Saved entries
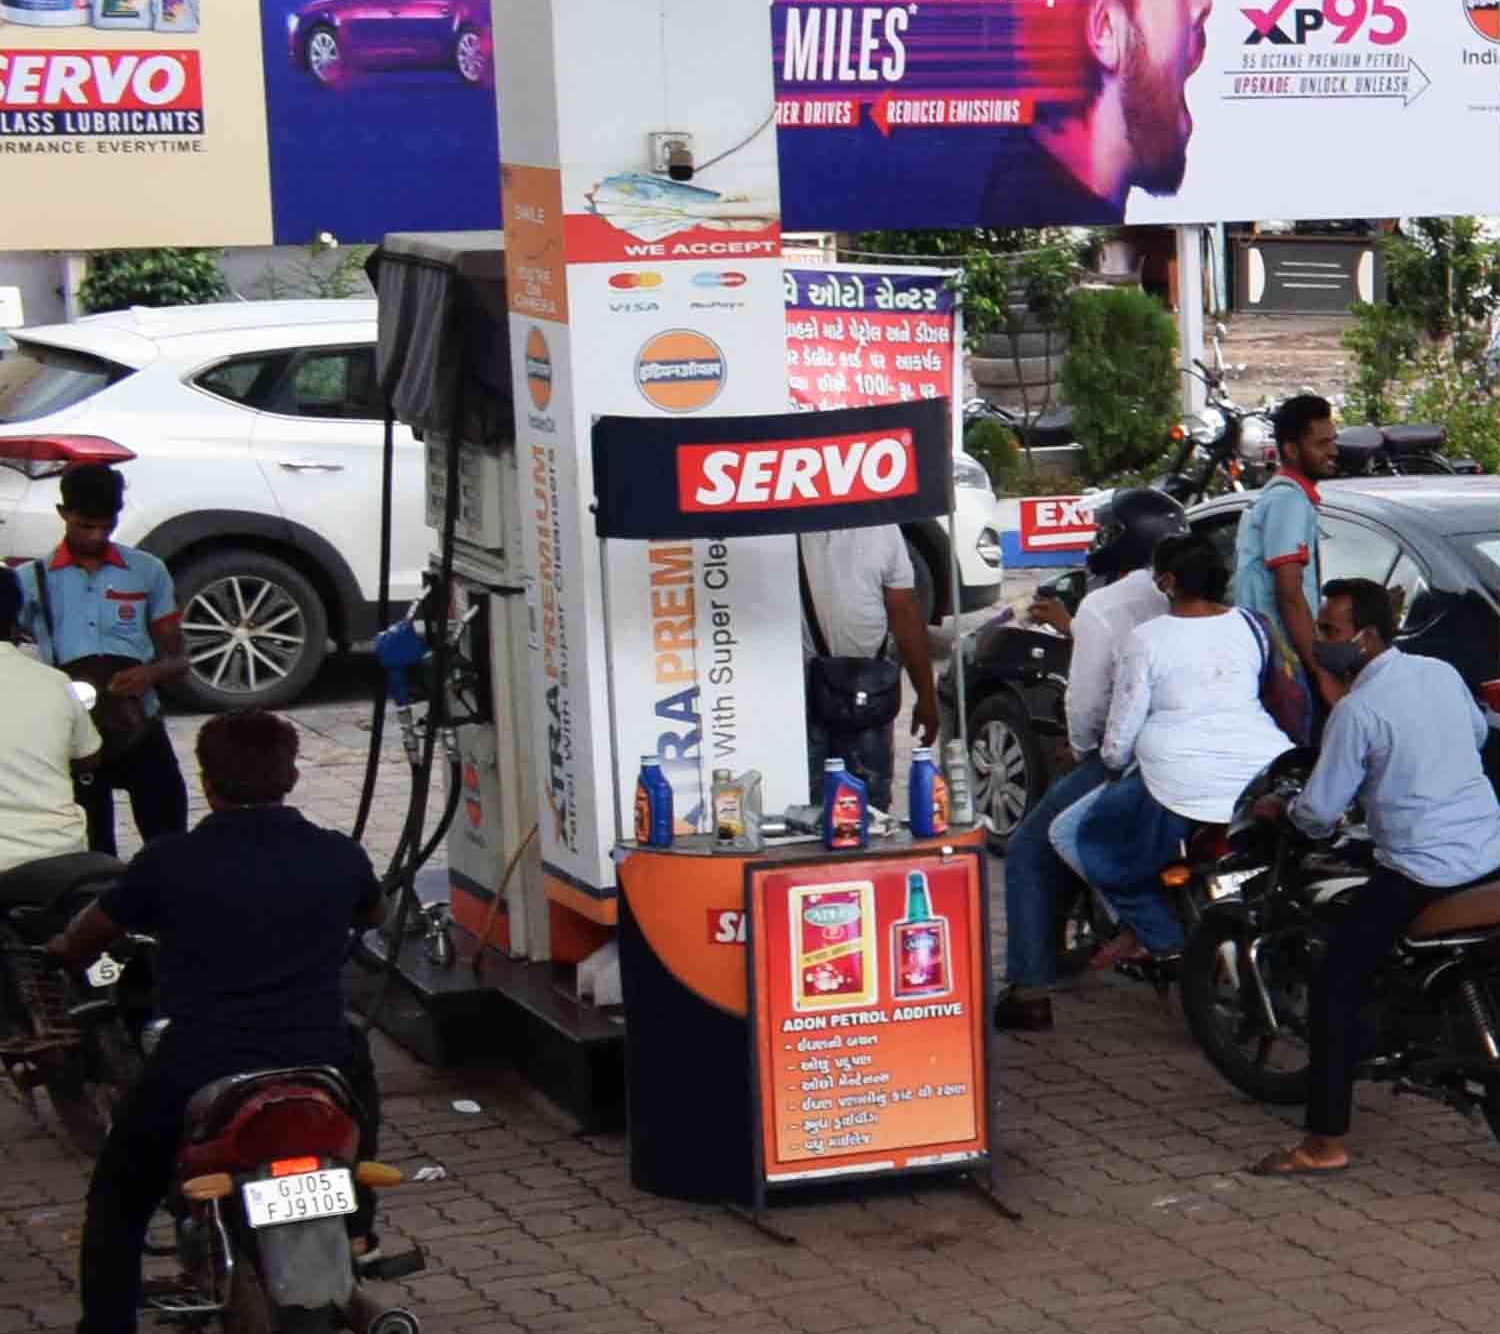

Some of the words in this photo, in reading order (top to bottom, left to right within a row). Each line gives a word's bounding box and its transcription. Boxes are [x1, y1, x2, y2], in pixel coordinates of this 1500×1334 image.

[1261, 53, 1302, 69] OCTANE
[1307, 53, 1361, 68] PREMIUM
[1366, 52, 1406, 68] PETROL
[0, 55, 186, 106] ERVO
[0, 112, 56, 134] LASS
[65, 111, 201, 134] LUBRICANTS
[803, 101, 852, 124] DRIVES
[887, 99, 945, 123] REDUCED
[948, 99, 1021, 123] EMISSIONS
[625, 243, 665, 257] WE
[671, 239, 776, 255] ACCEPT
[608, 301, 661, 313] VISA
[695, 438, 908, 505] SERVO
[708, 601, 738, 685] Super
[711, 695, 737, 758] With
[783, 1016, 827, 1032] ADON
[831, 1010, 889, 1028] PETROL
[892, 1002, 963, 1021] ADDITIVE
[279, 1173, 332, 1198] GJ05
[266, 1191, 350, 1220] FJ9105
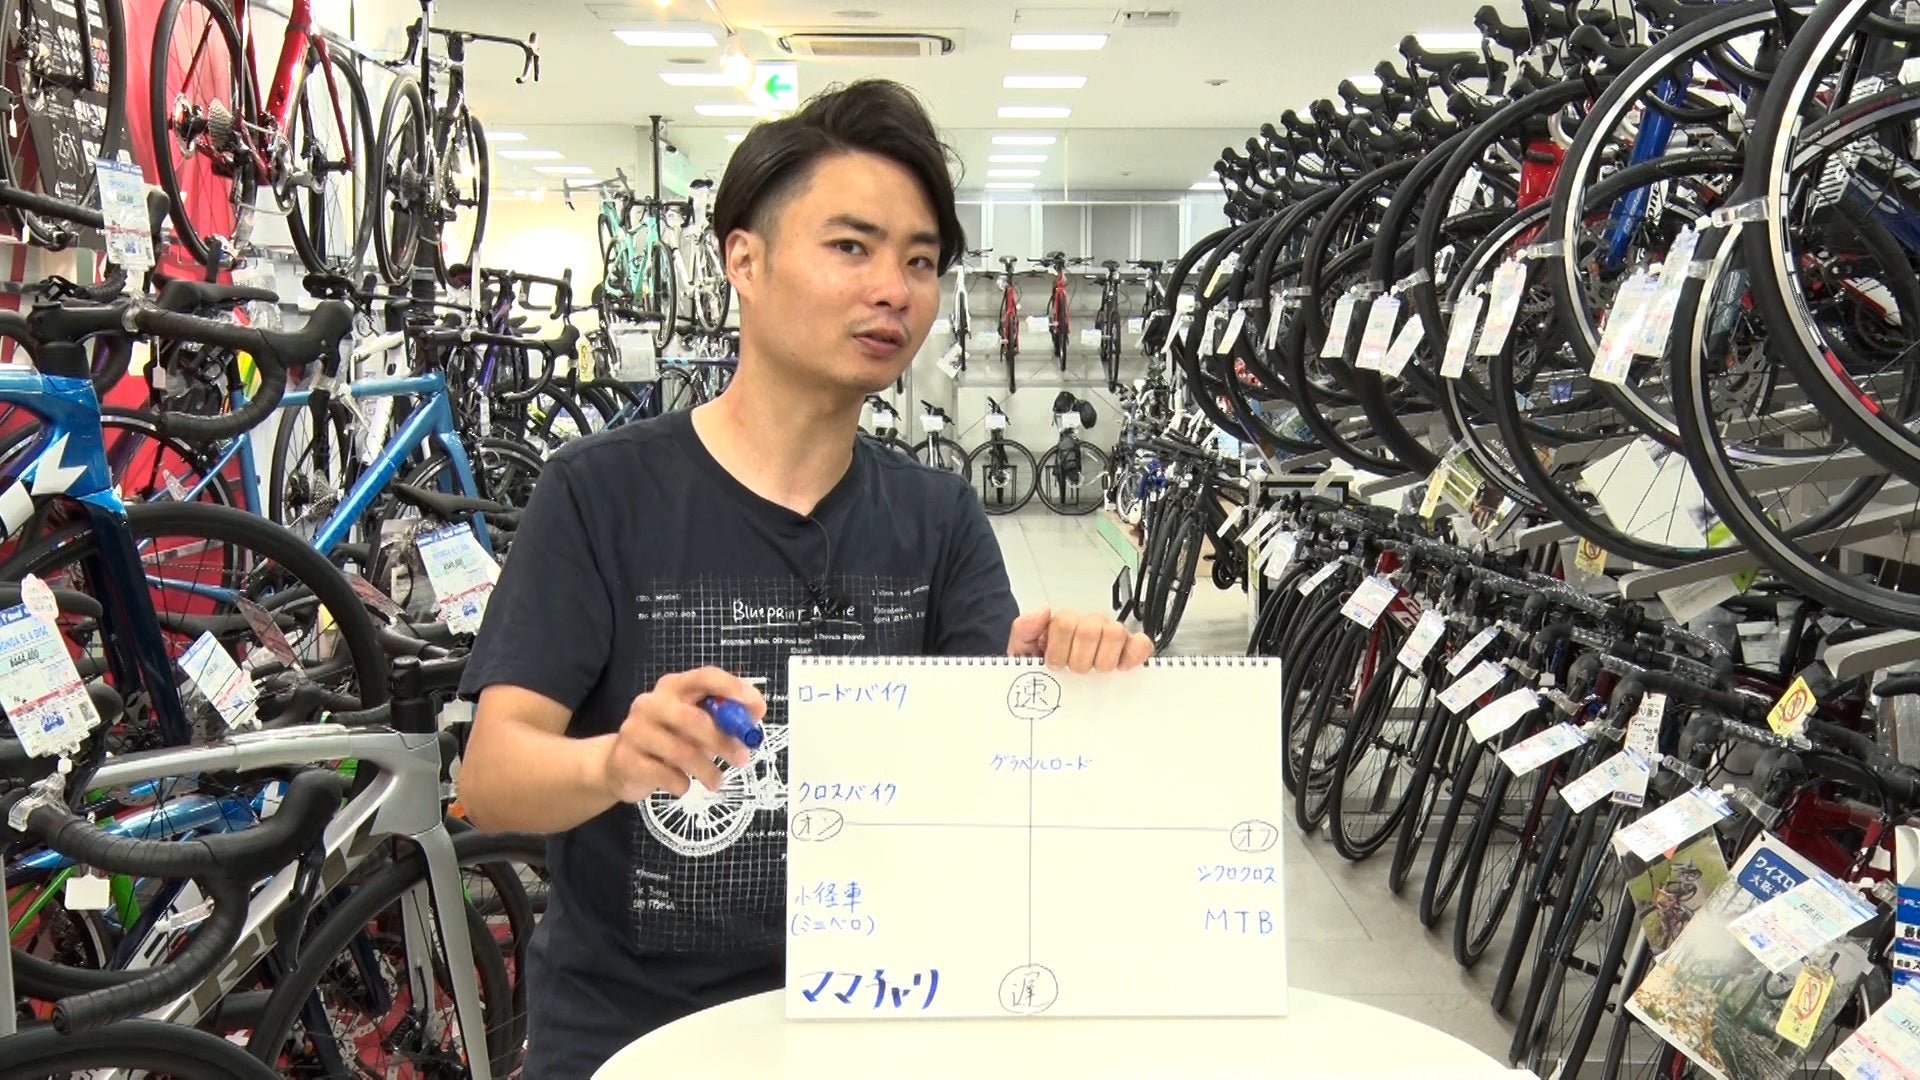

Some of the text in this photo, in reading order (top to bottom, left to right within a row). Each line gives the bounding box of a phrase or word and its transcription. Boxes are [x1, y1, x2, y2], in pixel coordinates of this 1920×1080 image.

→ AIM OF THE TASK
If an entry holds an image, omit that image and print the remainder exactly as it stands.

→ ANSWER FOR THE TASK
Some of the words in this photo, in reading order (top to bottom, left to right within a row). Each line gives a word's bounding box and its transcription. Boxes are [x1, y1, x2, y2], in pixel coordinates of this 1500×1334 image.

[1261, 53, 1302, 69] OCTANE
[1307, 53, 1361, 68] PREMIUM
[1366, 52, 1406, 68] PETROL
[0, 55, 186, 106] ERVO
[0, 112, 56, 134] LASS
[65, 111, 201, 134] LUBRICANTS
[803, 101, 852, 124] DRIVES
[887, 99, 945, 123] REDUCED
[948, 99, 1021, 123] EMISSIONS
[625, 243, 665, 257] WE
[671, 239, 776, 255] ACCEPT
[608, 301, 661, 313] VISA
[695, 438, 908, 505] SERVO
[708, 601, 738, 685] Super
[711, 695, 737, 758] With
[783, 1016, 827, 1032] ADON
[831, 1010, 889, 1028] PETROL
[892, 1002, 963, 1021] ADDITIVE
[279, 1173, 332, 1198] GJ05
[266, 1191, 350, 1220] FJ9105

Some of the text in this photo, in reading order (top to bottom, left to right within a row). Each line gives the bounding box of a phrase or word and its transcription. Boxes are [x1, y1, x2, y2], in pixel coordinates of this 1920×1080 image.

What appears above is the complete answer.